La ministra del Deporte, Natalia Duco, enfrenta una nueva polémica luego de que salieran a la luz imágenes de una celebración privada que hoy forman parte de los antecedentes analizados por la Contraloría General de la República. El registro audiovisual, que muestra a la autoridad compartiendo con funcionarios de la cartera en un encuentro social realizado en abril, reactivó el debate sobre el uso de recursos públicos y la transparencia en el ejercicio de los cargos de gobierno.
La controversia no se limita al contenido del video. La investigación busca determinar si la ministra utilizó un vehículo fiscal para trasladarse hasta una actividad que no estaría relacionada con sus funciones oficiales. La denuncia, presentada a comienzos de julio, sostiene que el encuentro tuvo un carácter estrictamente recreativo y solicita establecer si existió una eventual infracción a la normativa que regula el uso de automóviles estatales.

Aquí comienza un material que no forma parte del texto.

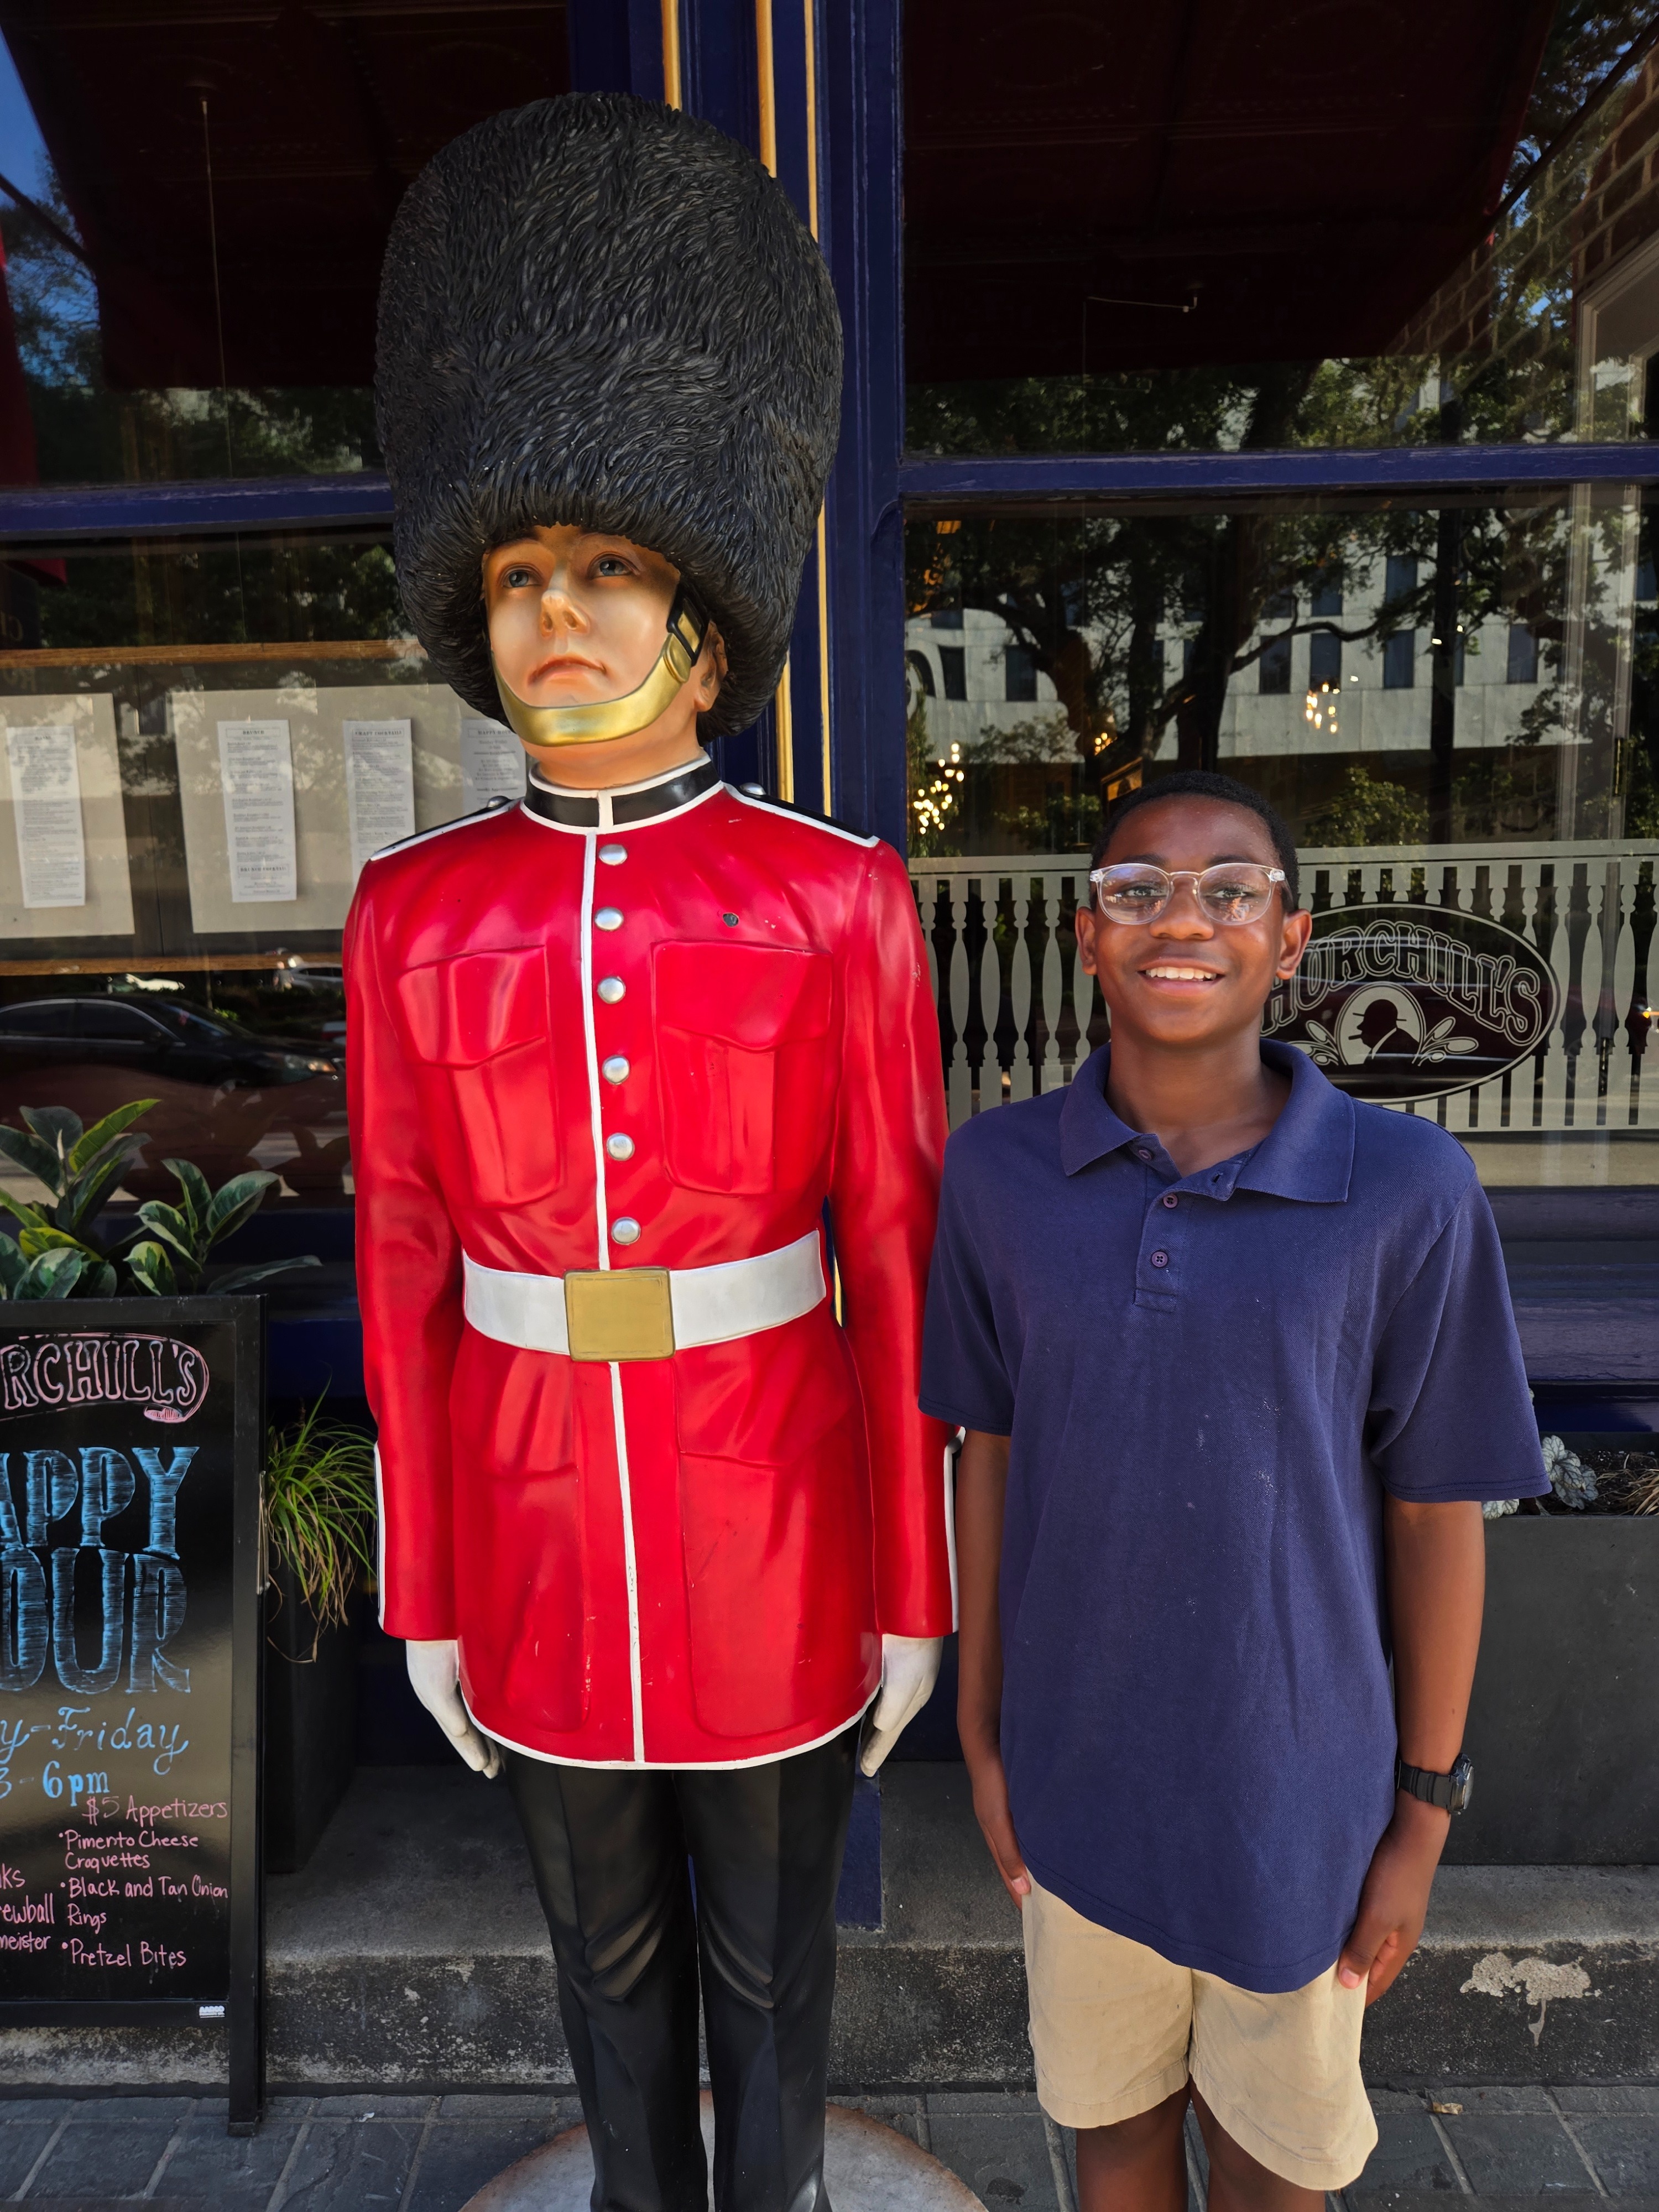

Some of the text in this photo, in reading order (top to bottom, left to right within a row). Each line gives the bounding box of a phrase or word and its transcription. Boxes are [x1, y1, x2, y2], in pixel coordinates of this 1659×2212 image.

[1260, 919, 1542, 1046] HURCHILL'S
[82, 1795, 228, 1827] $5 Appetizers
[64, 1829, 199, 1850] Pimento Cheese
[0, 1863, 25, 1890] ks
[65, 1852, 150, 1874] Croquettes
[69, 1874, 228, 1898] Black and Tan Onion
[0, 1892, 55, 1924] ewball
[67, 1903, 107, 1934] Rings
[70, 1938, 186, 1968] Pretzel Bites
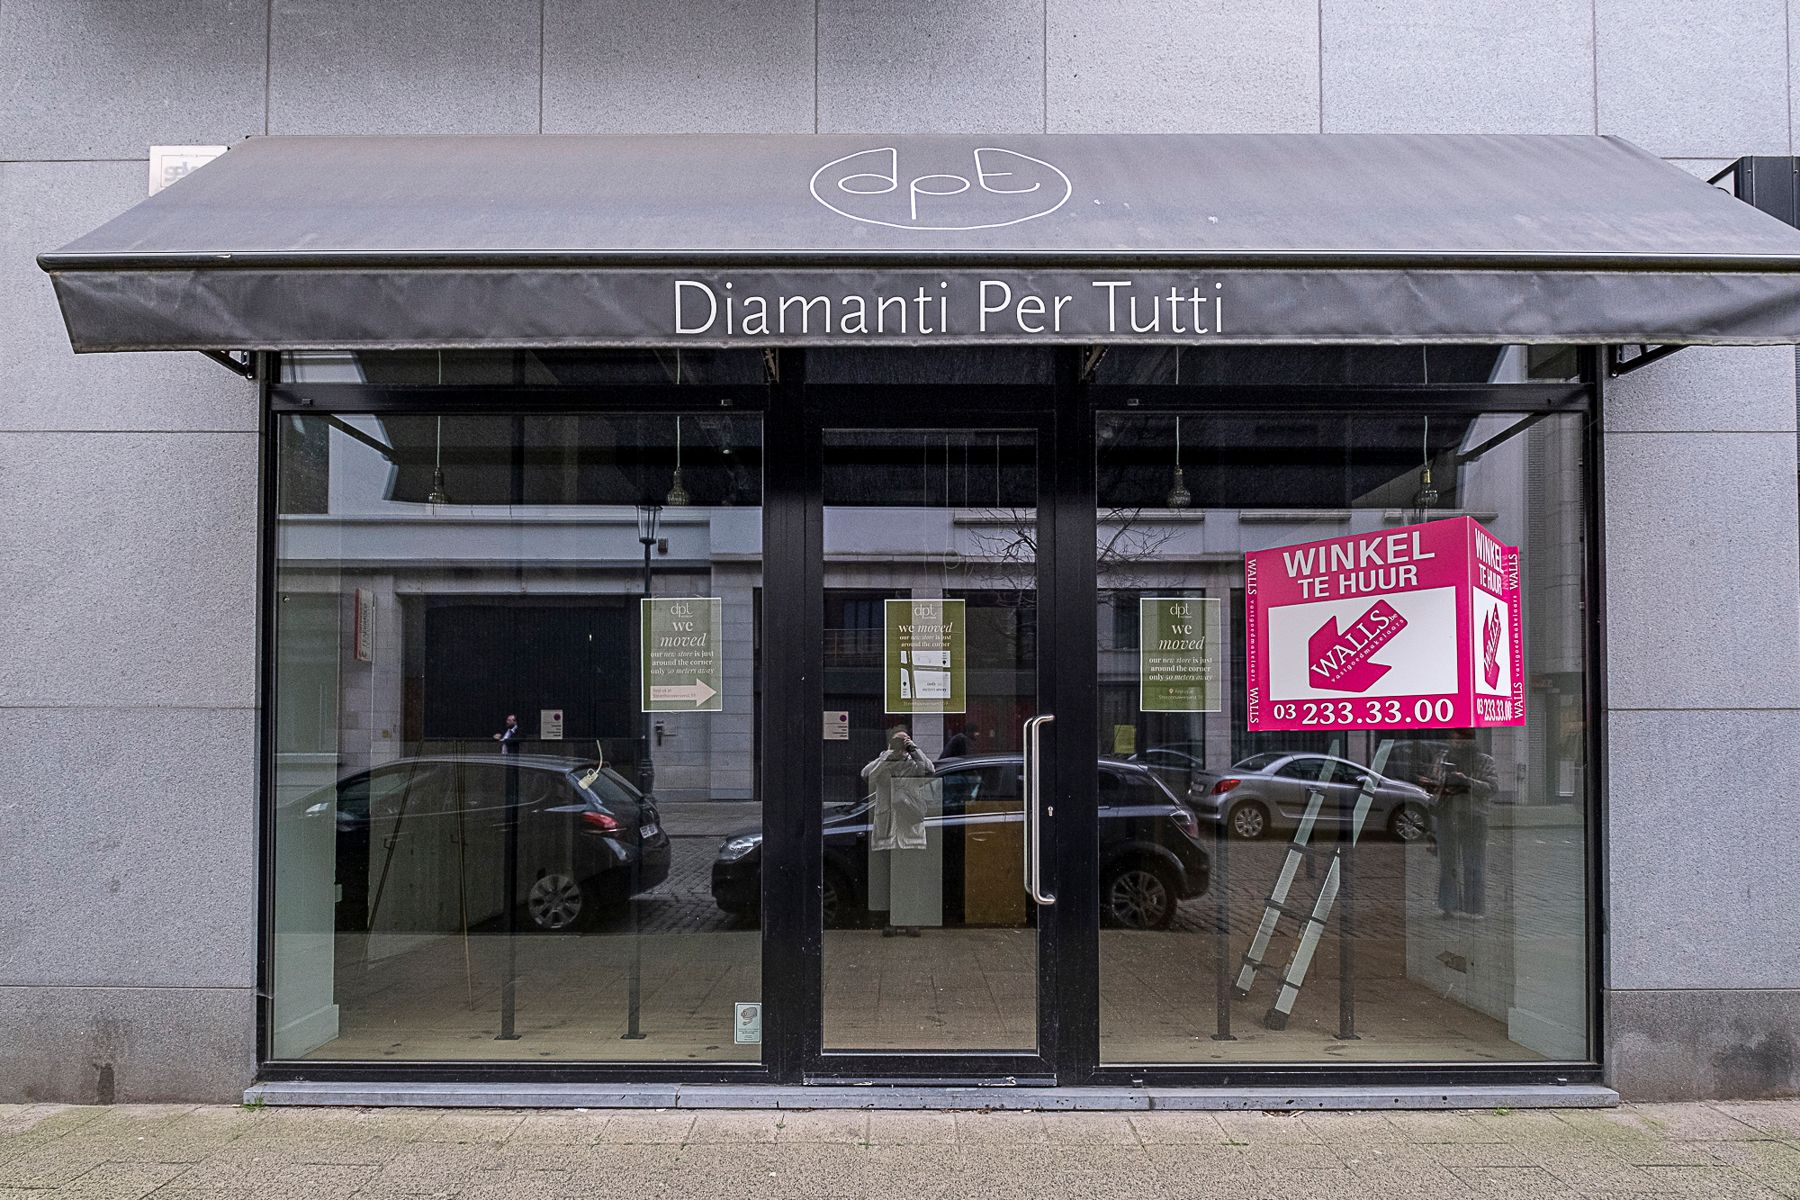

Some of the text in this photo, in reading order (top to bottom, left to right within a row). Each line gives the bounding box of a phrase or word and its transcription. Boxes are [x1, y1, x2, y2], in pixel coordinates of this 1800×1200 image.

[838, 147, 1041, 220] dpt
[674, 280, 1223, 336] Diamanti Per Tutti
[1283, 530, 1436, 578] WINKEL
[1474, 527, 1505, 575] WINKEL
[1247, 558, 1257, 595] WALLS
[1297, 564, 1419, 599] TE HUUR
[1478, 563, 1502, 596] TE HUUR
[1508, 553, 1519, 590] WALLS
[672, 621, 694, 632] we
[898, 622, 953, 633] we moved
[1169, 603, 1192, 619] dpt
[660, 633, 707, 647] moved
[1158, 636, 1205, 650] moved
[1171, 624, 1193, 635] we
[1149, 673, 1163, 681] only
[1250, 687, 1259, 724] WALLS
[1273, 698, 1454, 725] 03 233.33.00
[1513, 681, 1524, 719] WALLS
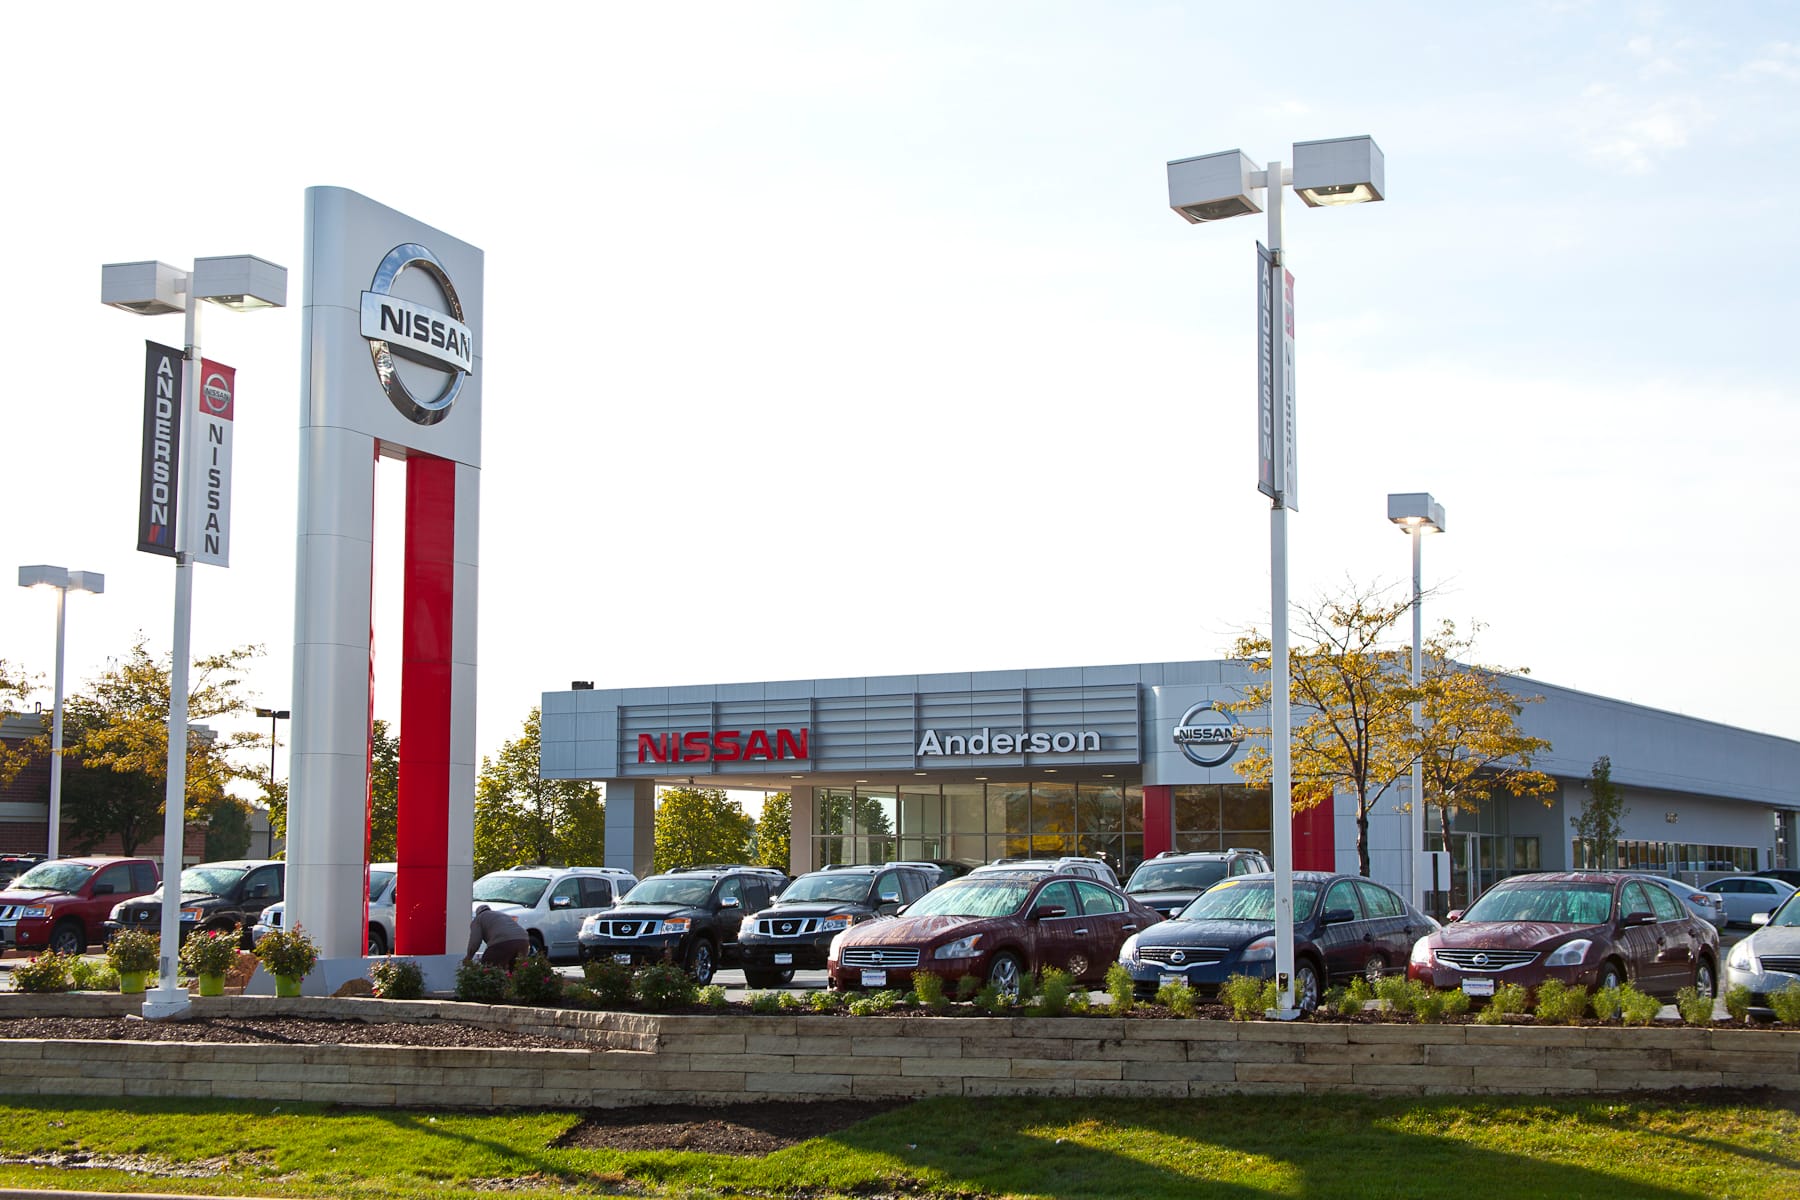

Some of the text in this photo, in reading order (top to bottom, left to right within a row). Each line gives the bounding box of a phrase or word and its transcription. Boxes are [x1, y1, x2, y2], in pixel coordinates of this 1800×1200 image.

Las imágenes muestran una reunión realizada en una vivienda del sector de Lo Curro, en la comuna de Vitacura. Según los antecedentes conocidos hasta ahora, la actividad incluyó un asado, música y una sesión de karaoke en la que participaron distintos funcionarios del Ministerio del Deporte.
El registro incorpora escenas en las que aparece la propia secretaria de Estado interpretando la canción «Sirena», del dúo Sin Bandera, mientras comparte con otros asistentes.
Video de fiesta pone contra las cuerdas a Natalia Duco
Desde el ministerio rechazaron cualquier irregularidad y defendieron la actuación de la autoridad. En la respuesta enviada al organismo fiscalizador, la cartera aseguró: «En dicha jornada la secretaria de Estado se trasladó a una reunión de trabajo sostenida con ambos gabinetes ministeriales en el domicilio particular de una exservidora a honorarios de esta cartera ministerial». La explicación, sin embargo, quedó bajo escrutinio después de la difusión del video.
La investigación también se desarrolla en un contexto especialmente complejo para la exatleta olímpica, quien durante las últimas semanas ha debido enfrentar cuestionamientos relacionados con el pago de la Beca Proddar y con distintas decisiones adoptadas desde su llegada al gabinete.
Será la Contraloría la que deberá determinar si los antecedentes constituyen una falta administrativa o si la actividad se ajustó a la legalidad vigente. Por ahora, el episodio vuelve a instalar una pregunta incómoda en el debate público: ¿dónde termina una reunión de trabajo y dónde comienza una celebración privada?